7 comments on “(DNA Info) General Theological Seminary Sells Off History to Pay Debts

  1. Knapsack says:

    What the story unaccountably misses — this land that is being sold? It was given to General by one of their own professors, none other than Clement Clarke Moore.

    Yes, that fellow. “A Visit From St. Nicholas” himself.

  2. slanehill says:

    Very sad. My daughter was born there. It feels like a part of our family history is being lost.

  3. Ralph says:

    Is this unique to GTS?

    Are the orthodox seminaries facing similar financial challenges?

    What about the other liberal seminaries?

  4. Knapsack says:

    Seabury-Western, effectively closed. Lexington Theological Seminary, declared financial exigency last year, released most of the faculty, trying to reboot as a distance-learning “virtual” seminary. Methodists tried to close United-Dayton to force a merger with Methesco in Delaware OH. Other mainline/oldline seminaries releasing all “unnecessary” staff, pitching Lilly Endowment for massive, fast recruitment drives, due to incoming classes of 5 or 6 where just a decade or two ago the annual incoming MDiv head count was 25 to 50.

    And that’s off the top of my head. Oh, and the other NYC monument, Union Theological, has been making major land sale noises in the last year. Orthodox seminaries I confess to knowing less about, but to be fair, they tend to be smaller and are not as bloated to start with, so can weather brief downturns more readily.

    Evangelical & fundamentalist schools are reporting strains, but only obliquely. They are often even less transparent than mainline/oldline Protestant institutions, so we may not know for sure until it’s over, good or bad, for them.

  5. Jeremy Bonner says:

    Ralph,

    In addition to the more liberal seminaries, both ETSS and Nashotah appear to be affected.

    Trinity School for Ministry appears to be doing better.

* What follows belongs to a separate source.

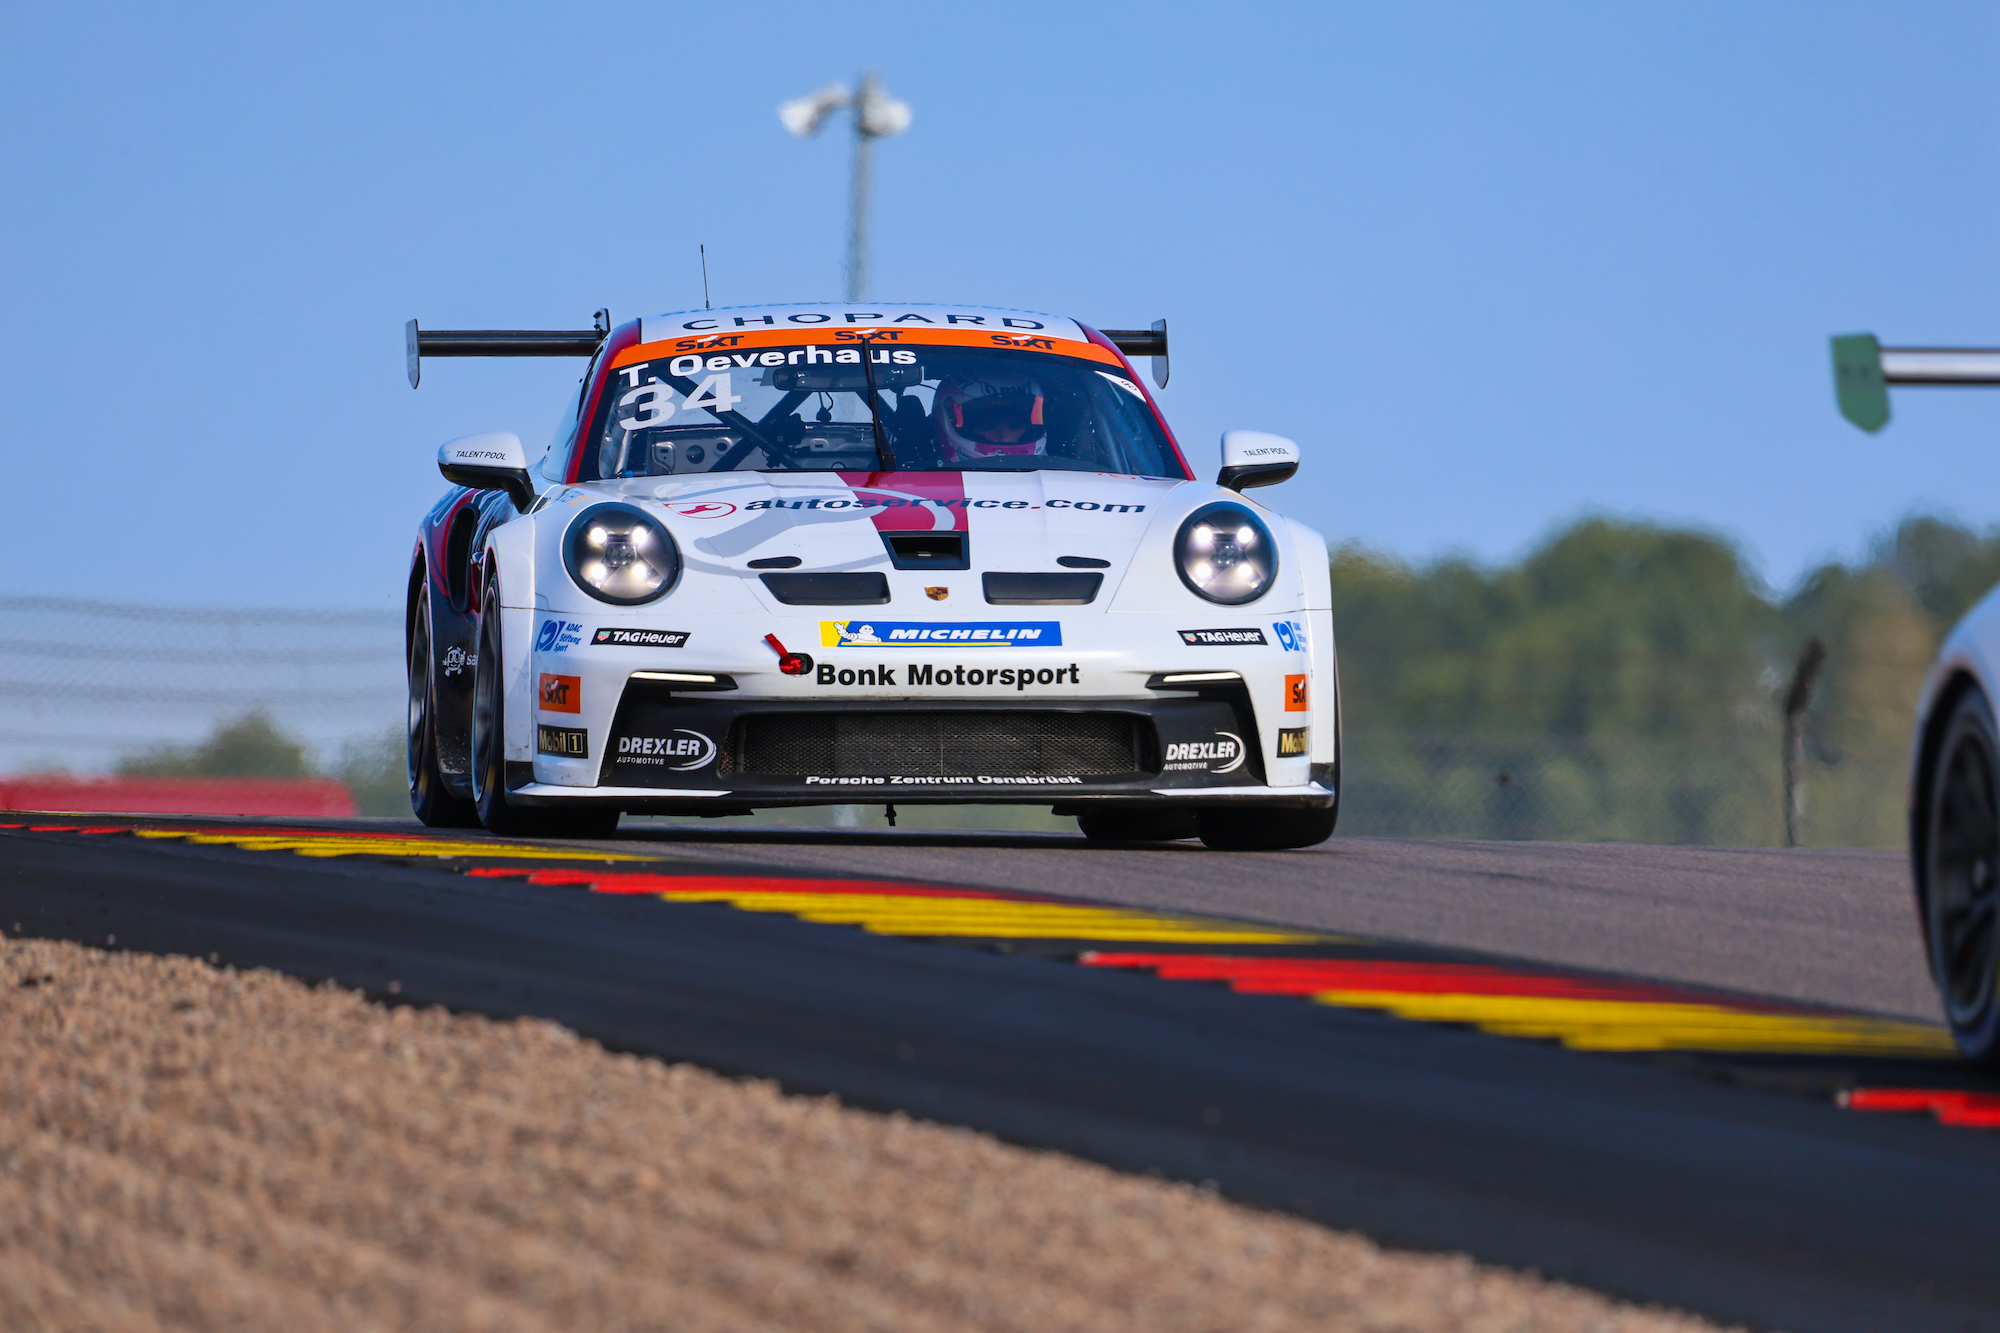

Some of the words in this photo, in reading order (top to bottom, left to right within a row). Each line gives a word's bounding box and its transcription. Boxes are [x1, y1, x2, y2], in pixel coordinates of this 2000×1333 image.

    [url=http://catholicandreformed.blogspot.com]Catholic and Reformed[/url]

  6. Knapsack says:

    Old story, but outlines what I thought I’d heard, which was that even Southern Baptist seminaries were in the tank financially:

    http://www.ethicsdaily.com/american-theological-education-is-in-financial-trouble-cms-11530

    Even many traditional/conservative seminaries had drunk deeply at the tainted wells of academic bloat and endowment draws, which blew up on them with the market drops of ’07/’08 — and when you’d been increasing the percentage of your operating budget that came from the endowment for thirty years, as most mainline seminaries had, you are really in the soup when the board and/or fiscal officers tell you that a 6 to 8% draw on your endowment is actually eating into the seed corn, and it must be halved. Half of 10% of your budget is a challenge; cutting half of 40+% of your budget is crisis time. And a few were beyond even that.

  7. David Keller says:

    The big difference is this has been going on for a long time at GTS. The 2008 recession has very little to do with their plight. Back in 2001 they were trying to get TEC/ECUSA to move the headquarters from 815 2d Ave. to GTS, and buy or rent space from the seminary plus remodle space into a “hotel” for visitors to TEC HQ. This was being done to save them financially. There have been several “quick fixes” and bailouts since then but nothing has really changed for them in the last 10 + years. My personal opinion is it has a lot to do with theology, but admittedly, they have also been financially mismanaged for a long time.